This project explores the 'maternal migration effect'. Following migration to a high-income country with a low maternal mortality rate, we assume that some immigrant women’s reliance upon maternal practices that respond to a low-income, high-mortality context can adversely affect care-seeking and utilization of treatment facilities. At highest risk in the United Kingdom and Sweden are those from Africa's Horn, particularly Somali women who have experienced diasporic migration. By applying constructivist qualitative methods as proxies for medical anthropology, we propose a framework for identifying socio-cultural factors, and then we explore how these can influence the western facility-based maternity care encounter.
Study 1 proposes a conceptual framework to understand why sub-Saharan African immigrants might experience adverse childbirth outcomes in western settings. Analysis was guided by 'naturalistic inquiry method' to explore delay-causing socio-cultural factors to optimal maternity treatment.

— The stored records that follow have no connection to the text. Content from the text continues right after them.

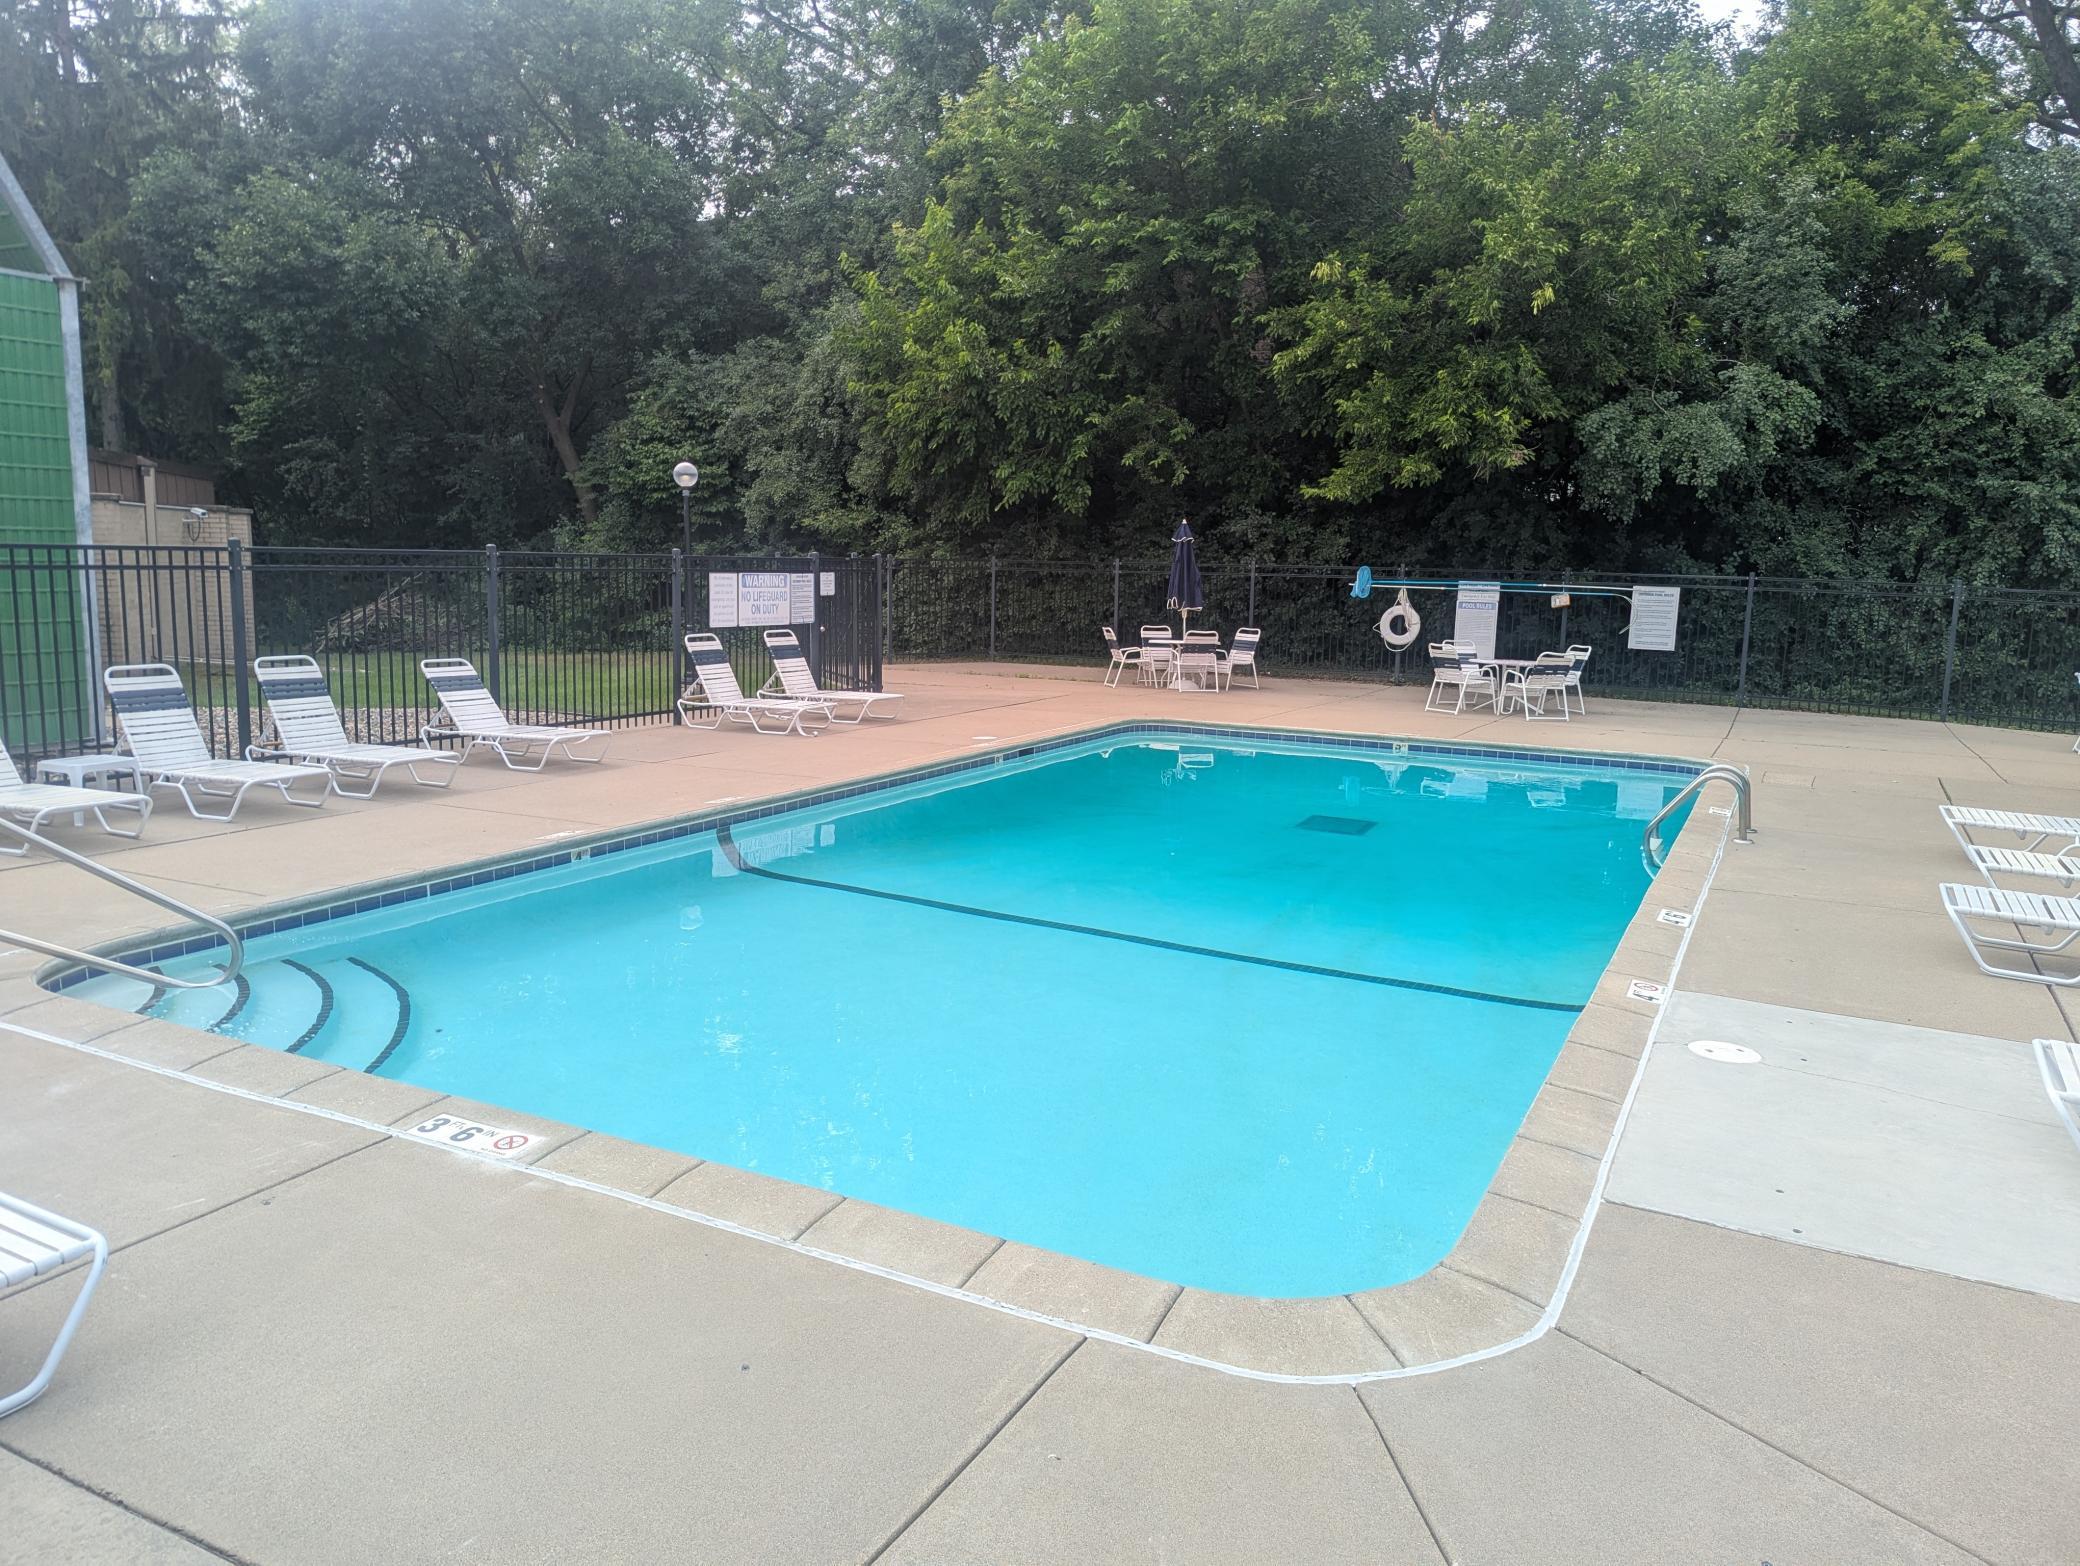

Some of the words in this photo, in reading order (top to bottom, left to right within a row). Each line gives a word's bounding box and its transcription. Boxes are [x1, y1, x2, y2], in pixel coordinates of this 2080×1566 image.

[745, 575, 785, 587] WARNING
[741, 591, 751, 602] NO
[752, 591, 788, 602] LIFEGUARD
[751, 603, 761, 614] ON
[762, 602, 779, 614] DUTY
[417, 1118, 452, 1133] 3
[449, 1126, 484, 1142] 6

Delays can result from (a) broken trust underlying women’s late-booking or refusal of treatment interventions, and care provider frustration; (b) over-reliance on poorly-functioning interpreter services that deny women’s access to medical expertise; and (c) mutual broken trust and miscommunication, and limited development of guidelines for treatment avoidance. Limited coherence exists in the perspectives between women and providers about caesarean section and other interventions, refusal of treatment, and coping strategies following adverse birth outcomes. Care providers' held misconceptions about women’s preferences for gender- and ethnic-congruence. Women preferred competent care. Congruent language was identified as the key ingredient for optimal culture-sensitive care.
Study 2 applied 'grounded dimensional analysis' and 'functional narrative analysis' to explore pre-migration socio-cultural factors that influence Somali parents' childbearing in Sweden. Women’s delayed care-seeking continues, despite that childbearing is still perceived as life-threatening. Decision-making is shared between the couple. Men more than women trust care providers to fill gaps in their knowledge. The postpartum period showed that fathers play an important role. "Aftercare" concerns include unarticulated sexual aversion combined with loss of traditional kin support. Women's autonomy is enhanced but greater necessity exists for intimate partner communication and reliance upon professional care services.
Medical anthropology can provide a complementary instrument for developing qualitative evidence-based strategies that target prevention of adverse childbirth outcomes in European countries.